Clinical Profile and Mortality in Children with Pneumonia

Ashvinii Manivel, Sri Sudarwati, RB. Soeherman Herdiningrat


Background: Pneumonia is the leading killer in under-five children. Therefore, by identifying the danger signs, we are able to predict children who are at higher risk of mortality. The objective of the study is to identify the relationship between the clinical profile and mortality in children with pneumonia at Dr. Hasan Sadikin General Hospital, Bandung.

Methods: This was an analytical study with a retrospective case control approach using medical records with patient’s age limitation of 1–60 month. The study period started on January 1st 2010 and ended on December 31st 2011. All types of pneumonia included whereas congenital anomalies, immunocompromised and Down’s syndrome patients were excluded in this study. Data were presented as frequency distribution.

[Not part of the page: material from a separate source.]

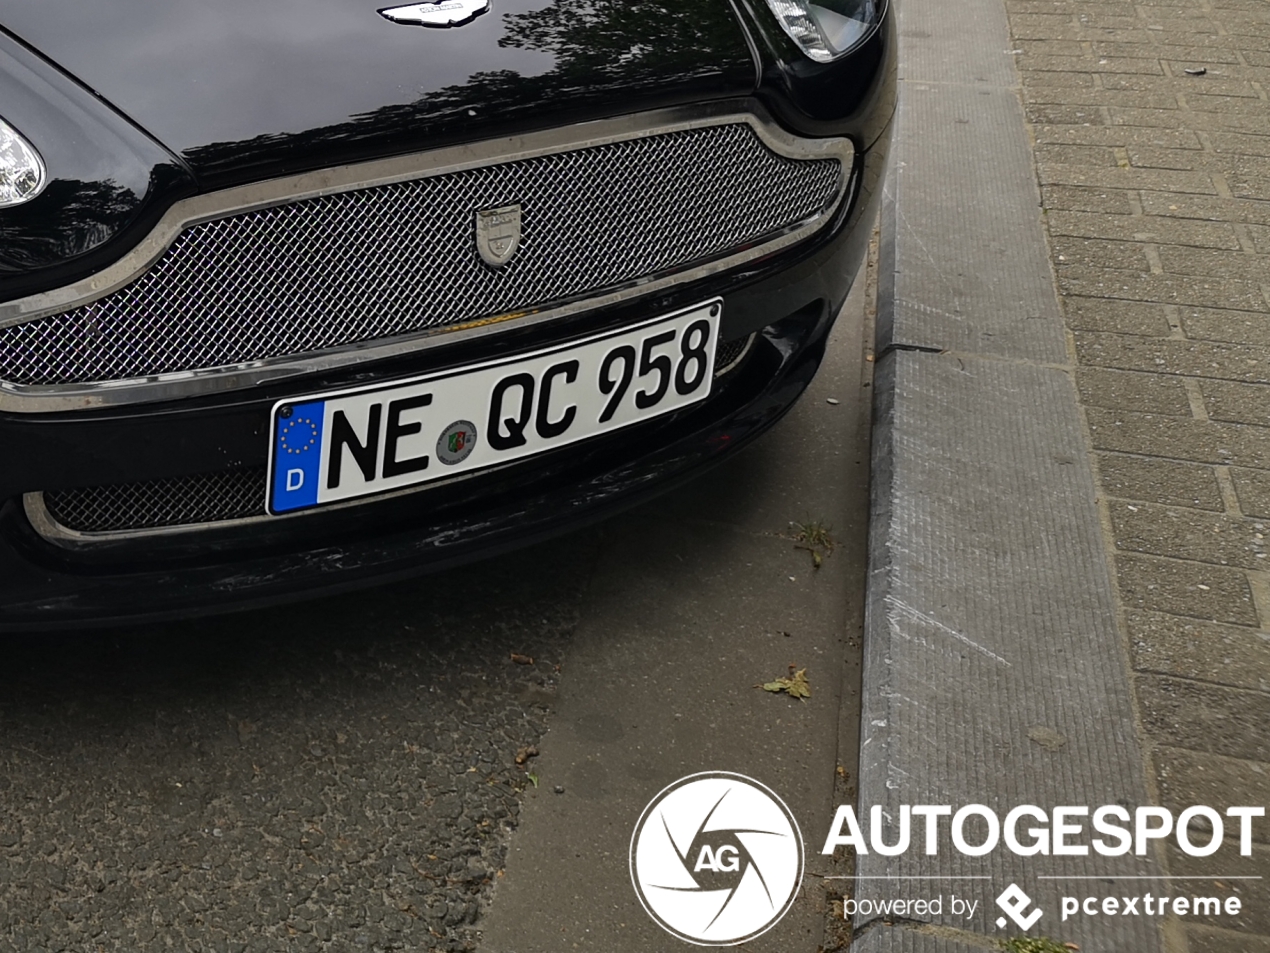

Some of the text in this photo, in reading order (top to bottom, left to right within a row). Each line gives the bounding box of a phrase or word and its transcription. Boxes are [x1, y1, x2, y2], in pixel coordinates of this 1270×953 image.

[326, 393, 433, 490] NE
[486, 359, 580, 452] QC
[598, 319, 711, 424] 958
[286, 468, 304, 492] D

Results: During the study period, there were 653 children under age of 5 with pneumonia. Only 56 subjects met the inclusion and exclusion criteria. Twenty-eight patients with pneumonia were cured and 28 died. Based on the phi’s coefficient, tachycardia (α-value = 0.019) and hepatomegaly (α-value = 0.001) were significant predictors of death and based on the Mantel-Haenszel analysis, hepatomegaly (OR=9.62, CI 95% 2.349–39.35) was significant as a risk for mortality. Inability to drink, cyanosis, tachypnea, grunting, vomiting, convulsion, and unconsciousness were not related to mortality.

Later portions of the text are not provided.